Russia PMI at 49-Month High

Russia PMI at 49-Month High

Activity in Russia’s services sector surged in December to its highest level in more than four years, the Markit purchasing managers index showed on Friday.
The headline PMI rose to 56.5 in December from 54.7 in November, remaining about the 50 mark that separates expansion from contraction for the 11th month in a row, Reuters reported.
The average reading of the PMI index over the last quarter of 2016 was the highest since the first quarter of 2013.
“Supported by a faster increase in new business orders, service providers registered a marked rise in output and at a rate that continued to outstrip its historical average,” said Samuel Agass, an economist at Markit.

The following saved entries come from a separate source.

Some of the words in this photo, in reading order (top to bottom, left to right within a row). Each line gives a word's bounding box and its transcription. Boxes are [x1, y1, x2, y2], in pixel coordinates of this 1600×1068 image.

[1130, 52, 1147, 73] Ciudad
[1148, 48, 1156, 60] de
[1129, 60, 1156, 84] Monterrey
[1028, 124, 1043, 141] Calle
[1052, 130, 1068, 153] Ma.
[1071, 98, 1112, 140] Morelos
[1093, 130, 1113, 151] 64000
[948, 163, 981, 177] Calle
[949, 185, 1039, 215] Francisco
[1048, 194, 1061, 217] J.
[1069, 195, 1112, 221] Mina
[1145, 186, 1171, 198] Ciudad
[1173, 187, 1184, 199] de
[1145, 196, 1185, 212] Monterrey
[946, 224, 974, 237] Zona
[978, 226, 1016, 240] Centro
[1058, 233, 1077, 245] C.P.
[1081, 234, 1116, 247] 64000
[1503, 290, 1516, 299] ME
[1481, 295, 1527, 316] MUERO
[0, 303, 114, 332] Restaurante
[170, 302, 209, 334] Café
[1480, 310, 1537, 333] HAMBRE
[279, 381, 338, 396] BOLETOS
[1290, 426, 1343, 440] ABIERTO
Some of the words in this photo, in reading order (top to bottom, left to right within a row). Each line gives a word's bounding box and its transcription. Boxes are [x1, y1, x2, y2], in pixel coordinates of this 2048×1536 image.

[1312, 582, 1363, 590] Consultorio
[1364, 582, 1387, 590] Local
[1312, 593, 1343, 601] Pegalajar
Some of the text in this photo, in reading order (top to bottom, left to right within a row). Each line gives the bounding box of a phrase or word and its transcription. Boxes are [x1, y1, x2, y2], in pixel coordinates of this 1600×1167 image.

The survey showed employment in services was close to stabilization as companies remained optimistic about their future prospects.
The business expectations index remained above the 50 mark, although it declined to 58.6 in December from 60.1 in November. Better activity in the services sector supports Moscow’s official stance that the worst of Russia’s economic slump is over and that the economy will return to growth in the foreseeable future.
Earlier this week, a separate PMI survey showed Russian manufacturing also expanded in December.
Meanwhile, the Russian economy may show slight but steady growth in early 2017, and such scenario may attract foreign investors to participate in various projects in the country, former  finance minister Alexei Kudrin said Thursday, Sputnik reported.
“The Russian economy is currently moving out of negative growth rates. We will most likely have minimal, but positive growth rates in the beginning of the next year… Foreign investors are traditionally intensifying their attention to Russia during such turning points,” Kudrin told Rossiya-24 television.
It will be speculative investment, Kudrin noted, since, as long as Russia has unstable oil prices, foreign investors will not take a sustainable and long-term interest in the Russian market.
The Russian economy suffered a setback in 2014, as the ruble lost about half of its value against the US dollar amid low global oil prices and western economic sanctions imposed against Russia over the Ukrainian crisis. Earlier this week, the Russian Economic Development Ministry improved the 2016 GDP decline forecast from 0.6% to 0.5% in the wake of improvement of oil prices expectations.